- [Prompt]: Your answer should consist only of the lines from the line containing "this 2048×1366 image." through the last line below, each repeated exactly.

- [Exercise material]:
++++++++++++++++++++
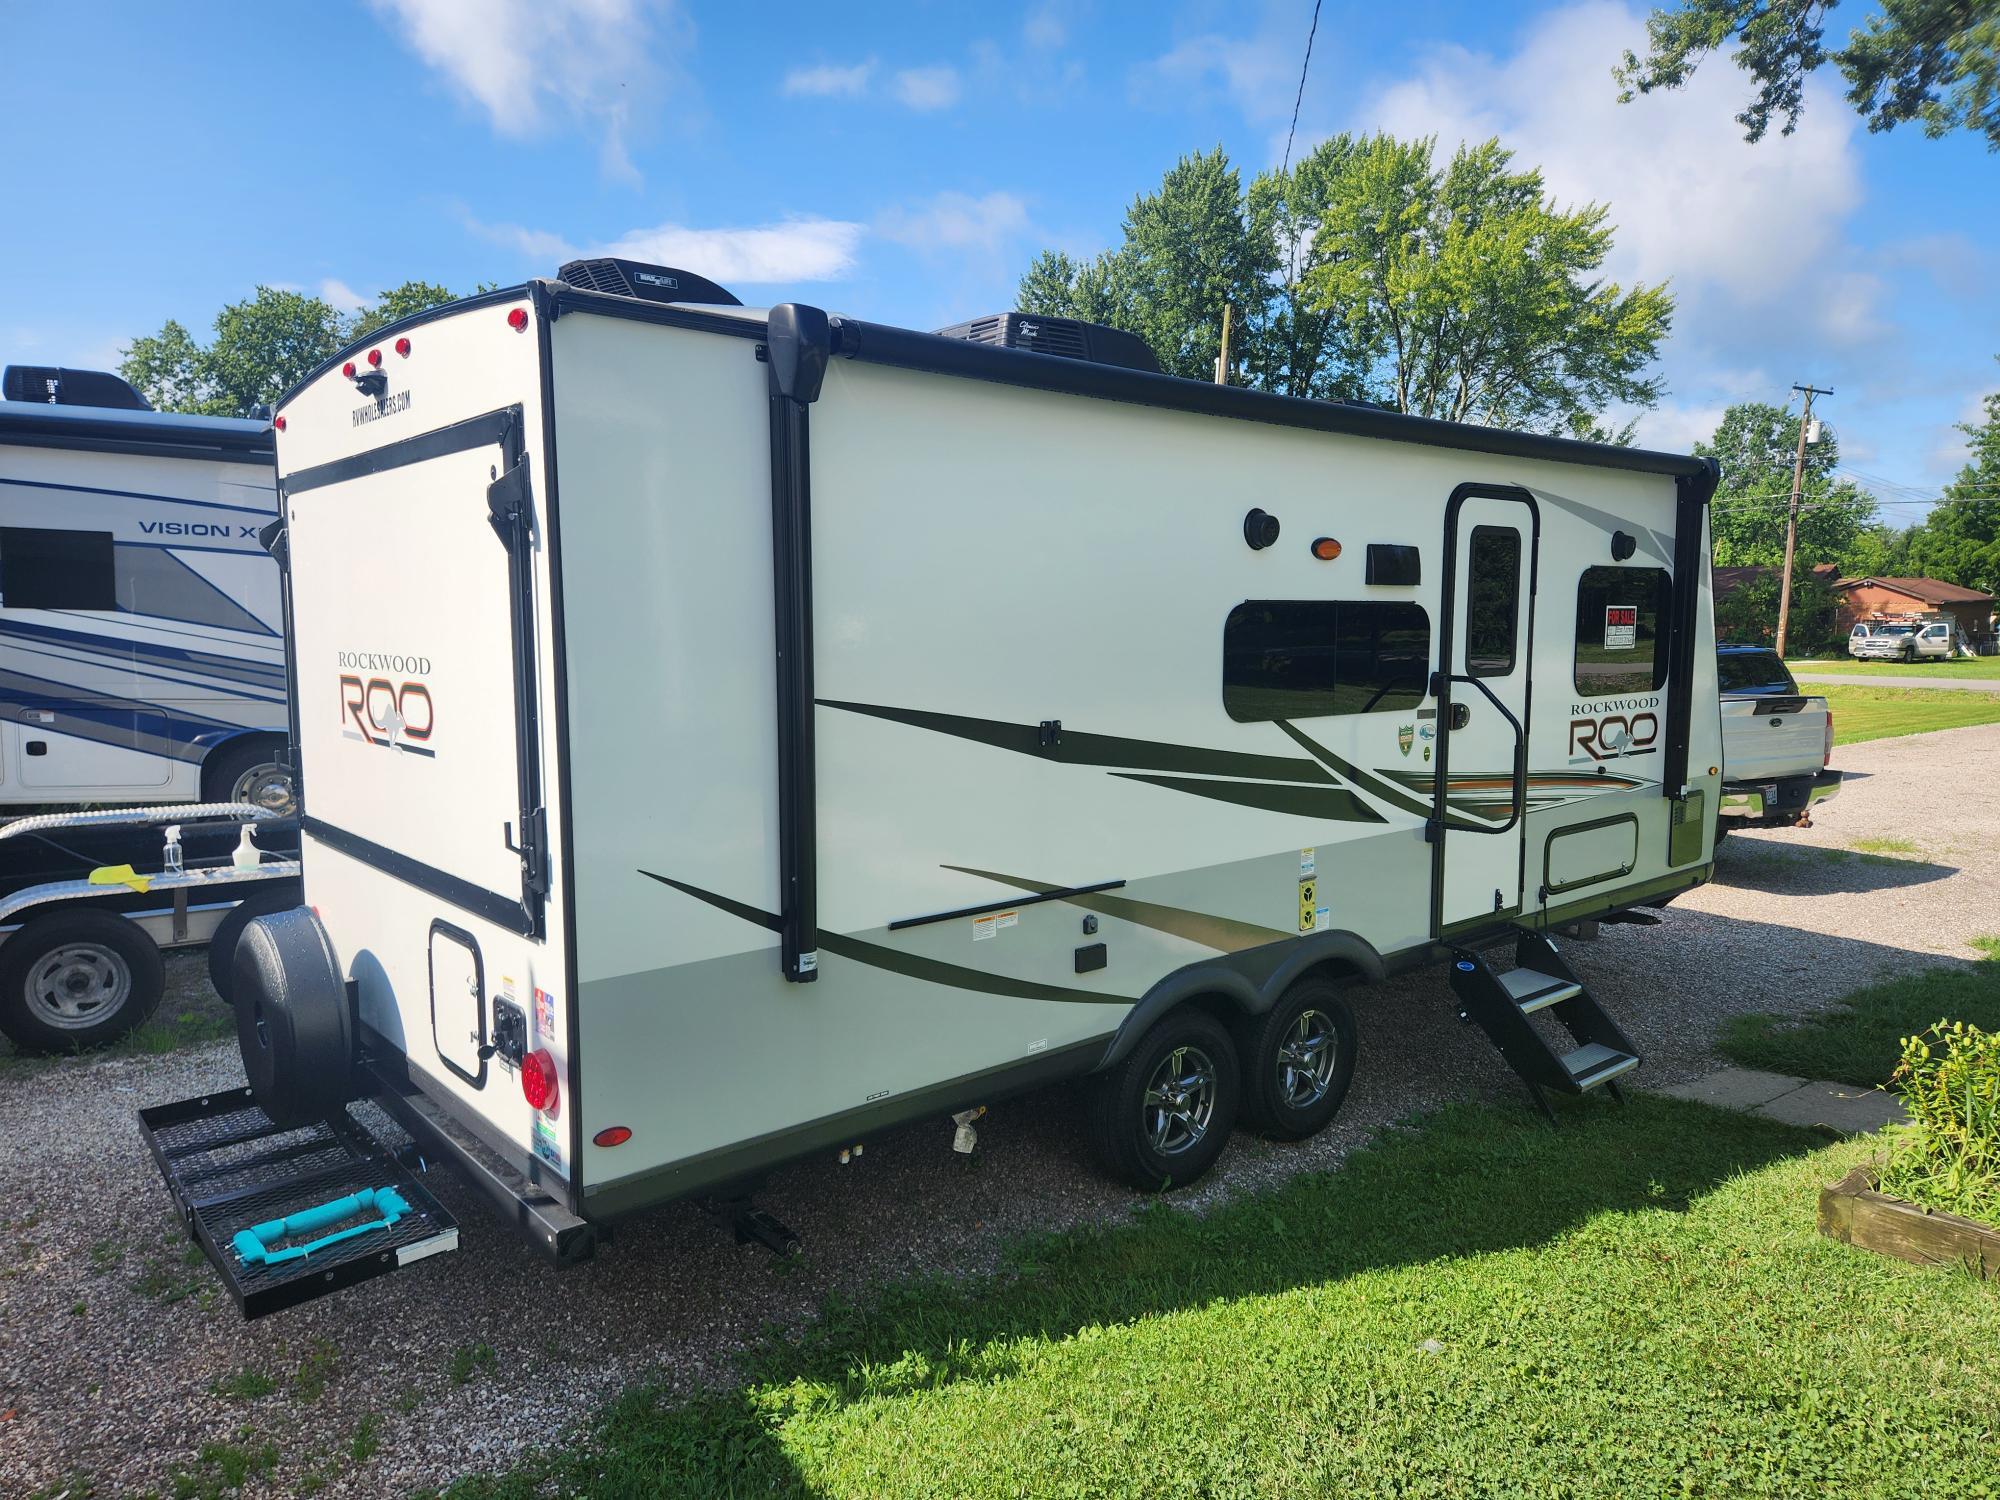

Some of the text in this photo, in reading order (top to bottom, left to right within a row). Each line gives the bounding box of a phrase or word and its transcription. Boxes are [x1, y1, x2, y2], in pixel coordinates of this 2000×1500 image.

[138, 521, 262, 539] VISION X
[1608, 609, 1635, 625] FOR SALE
[338, 651, 431, 675] ROCKWOOD
[339, 674, 434, 744] ROO
[1570, 697, 1660, 715] ROCKWOOD
[1568, 712, 1658, 761] ROO
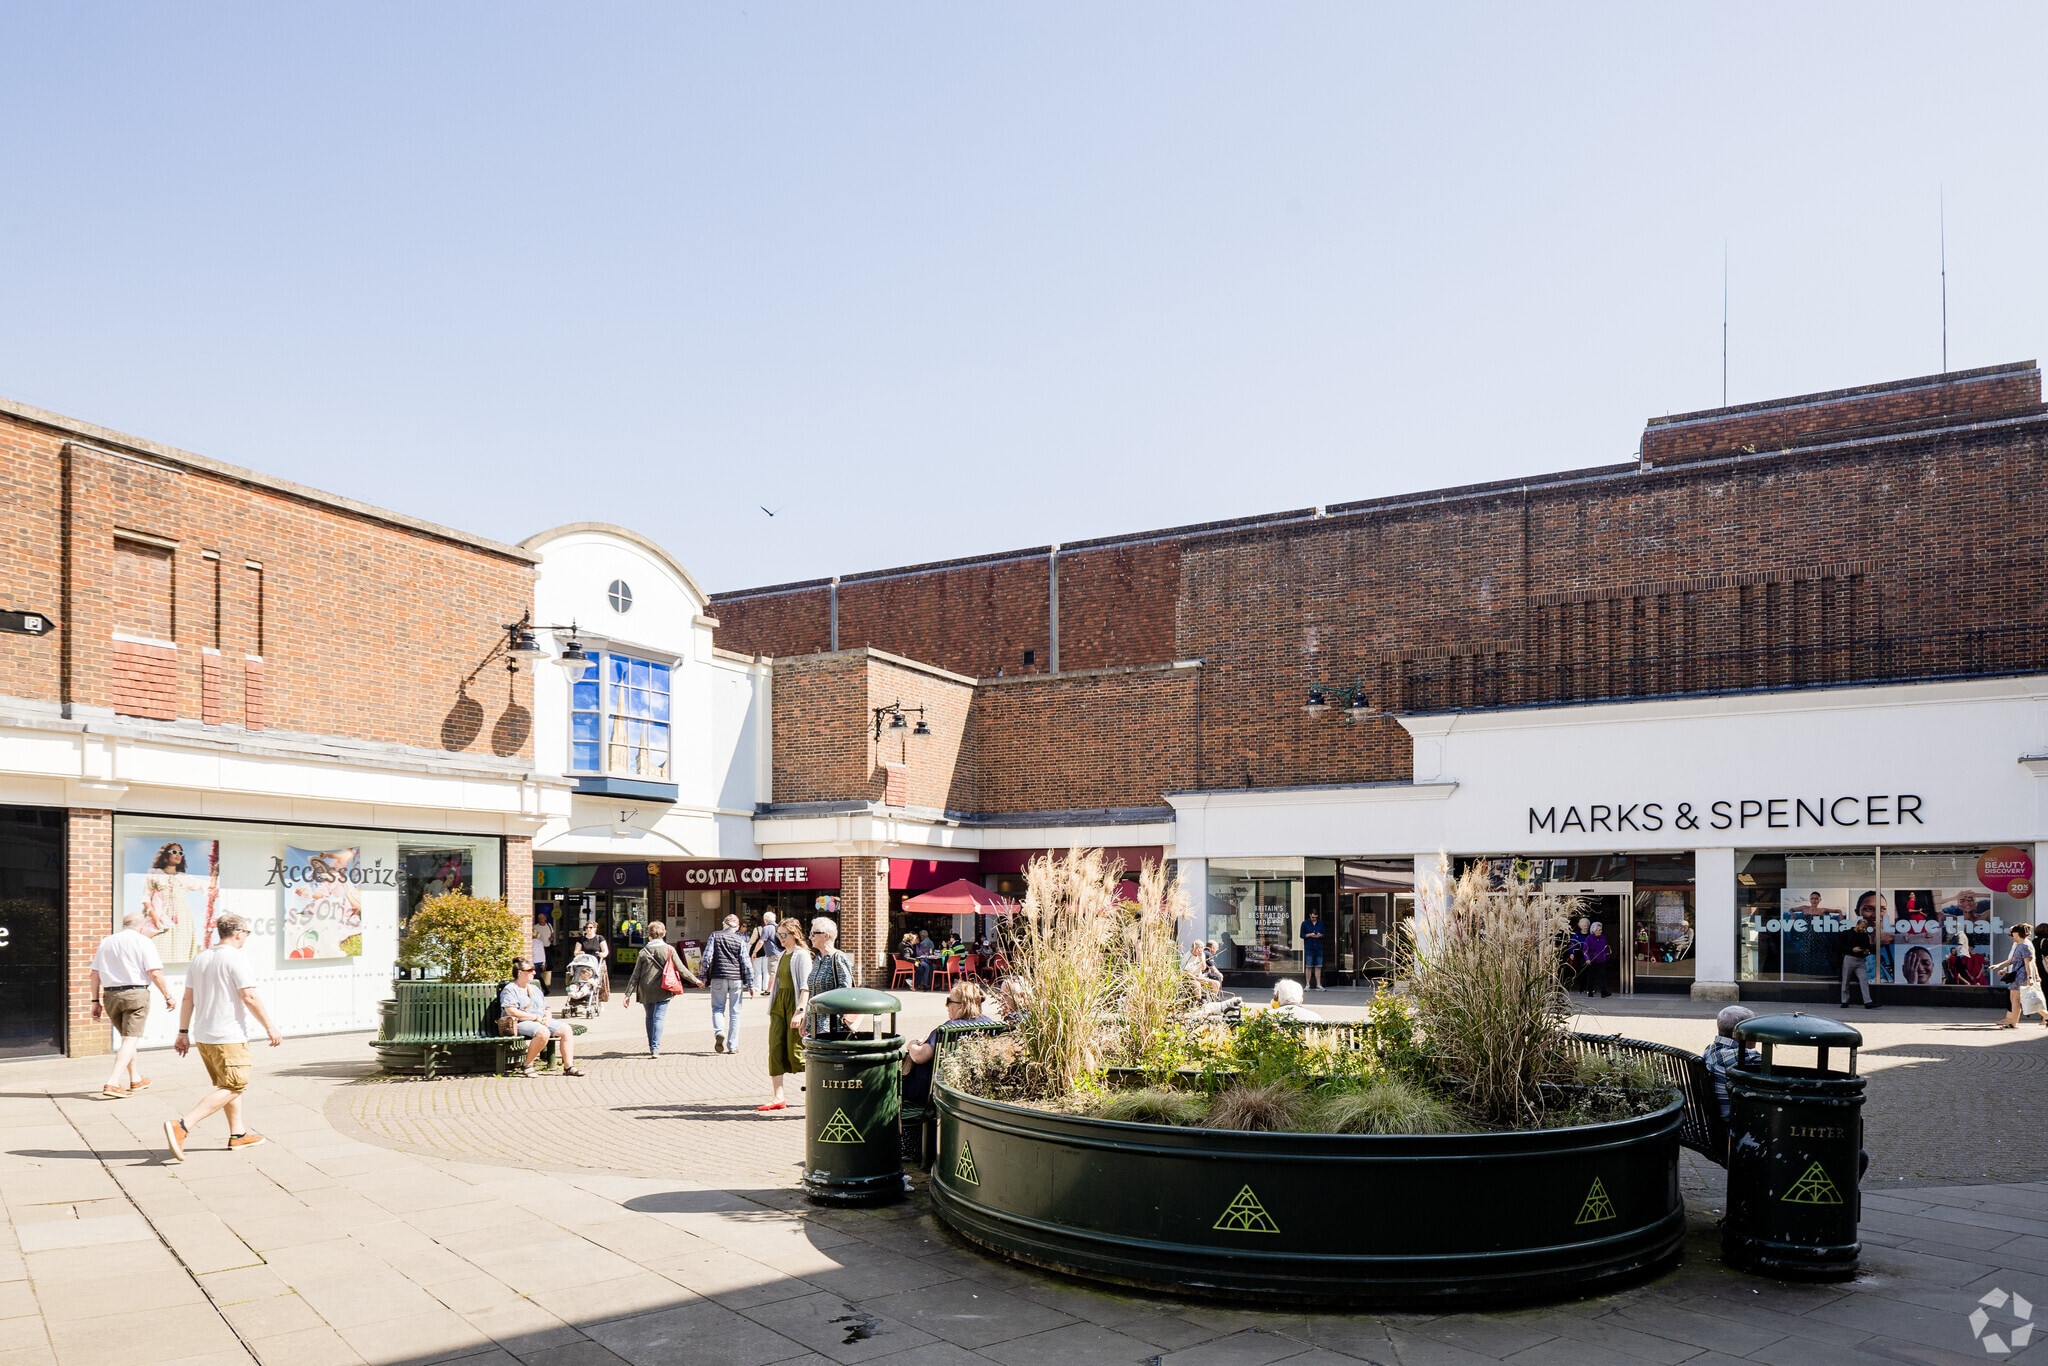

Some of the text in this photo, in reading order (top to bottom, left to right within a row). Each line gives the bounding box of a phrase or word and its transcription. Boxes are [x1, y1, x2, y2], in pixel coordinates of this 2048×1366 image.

[1528, 794, 1925, 834] MARKS & SPENCER
[265, 855, 407, 888] Accessorize
[1985, 861, 2026, 869] BEAUTY
[686, 866, 808, 885] COSTA COFFEE
[1754, 915, 1808, 933] Love
[1883, 915, 1940, 934] Love
[822, 1079, 863, 1089] LITTER
[1790, 1126, 1845, 1138] LITTER
++++++++++++++++++++
- [Reply to the task]:
Some of the text in this photo, in reading order (top to bottom, left to right within a row). Each line gives the bounding box of a phrase or word and its transcription. Boxes are [x1, y1, x2, y2], in pixel coordinates of this 2048×1366 image.

[1528, 794, 1925, 834] MARKS & SPENCER
[265, 855, 407, 888] Accessorize
[1985, 861, 2026, 869] BEAUTY
[686, 866, 808, 885] COSTA COFFEE
[1754, 915, 1808, 933] Love
[1883, 915, 1940, 934] Love
[822, 1079, 863, 1089] LITTER
[1790, 1126, 1845, 1138] LITTER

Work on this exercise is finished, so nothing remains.